> **WHAT IS REQUIRED**
Copy each line below as it stands, but skip any picture it contains.

> **MATERIAL PROVIDED**
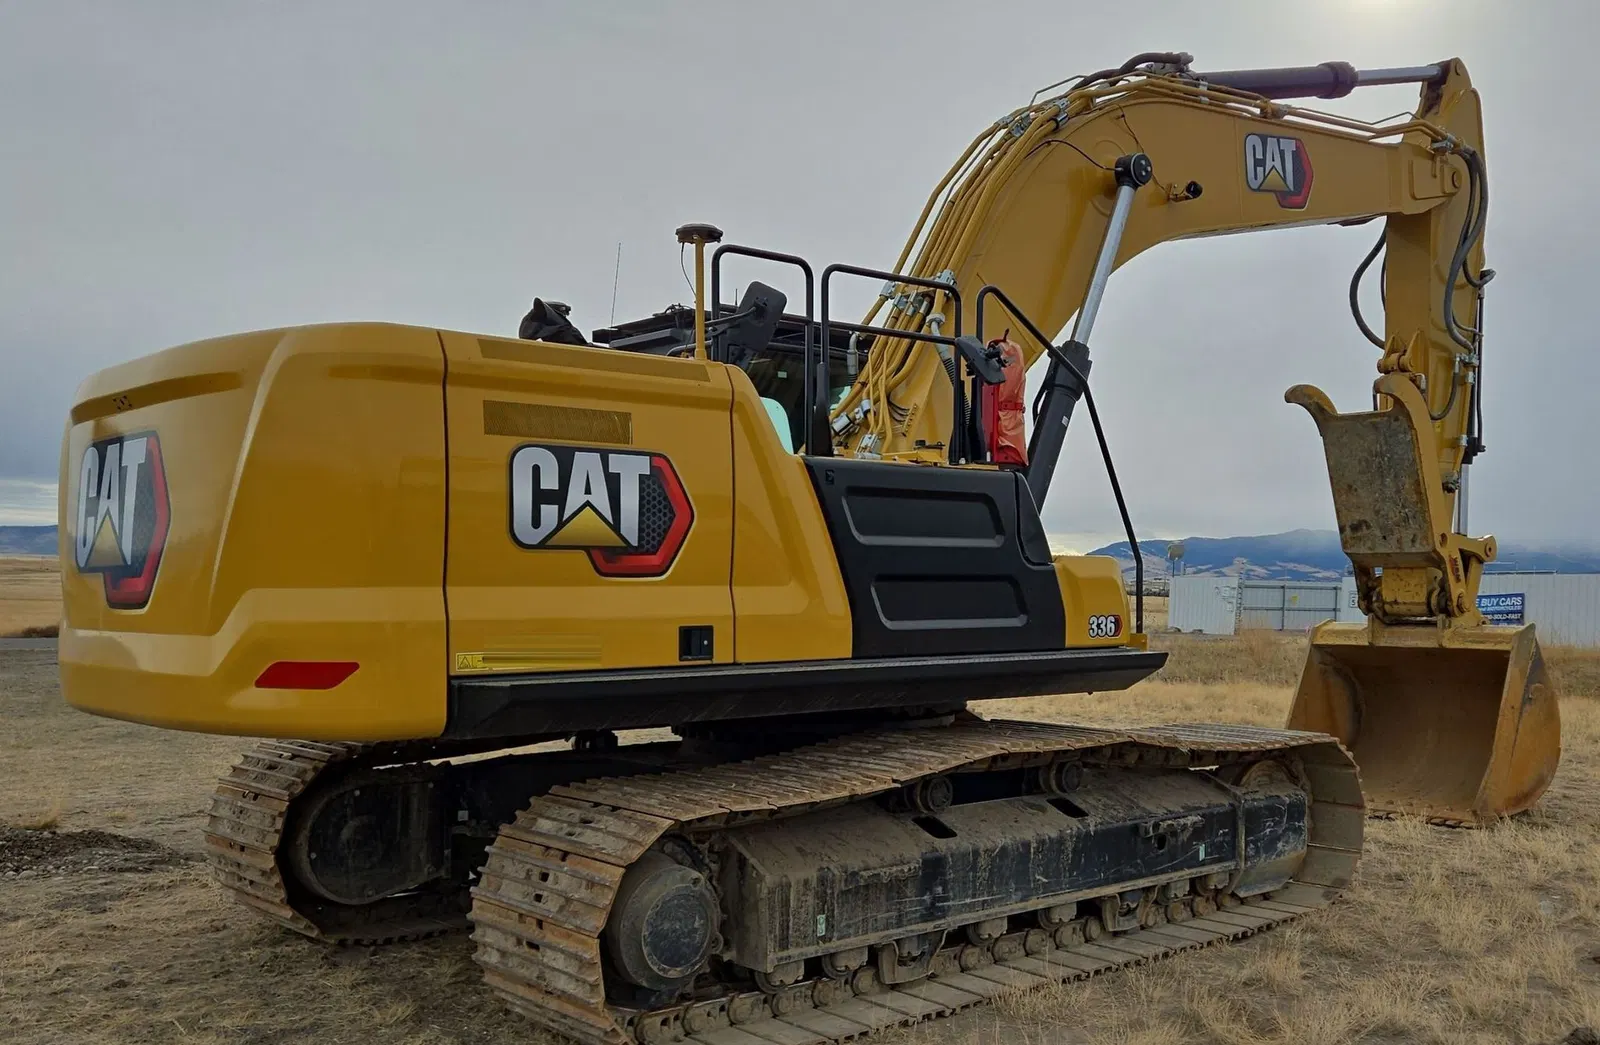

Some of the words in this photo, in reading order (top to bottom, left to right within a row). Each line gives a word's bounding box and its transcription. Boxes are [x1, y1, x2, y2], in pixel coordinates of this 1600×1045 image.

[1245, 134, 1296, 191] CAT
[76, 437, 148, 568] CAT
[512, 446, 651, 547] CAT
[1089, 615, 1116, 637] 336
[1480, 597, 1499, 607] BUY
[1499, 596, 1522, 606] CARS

> **TASK SOLUTION**
Some of the words in this photo, in reading order (top to bottom, left to right within a row). Each line gives a word's bounding box and its transcription. Boxes are [x1, y1, x2, y2], in pixel coordinates of this 1600×1045 image.

[1245, 134, 1296, 191] CAT
[76, 437, 148, 568] CAT
[512, 446, 651, 547] CAT
[1089, 615, 1116, 637] 336
[1480, 597, 1499, 607] BUY
[1499, 596, 1522, 606] CARS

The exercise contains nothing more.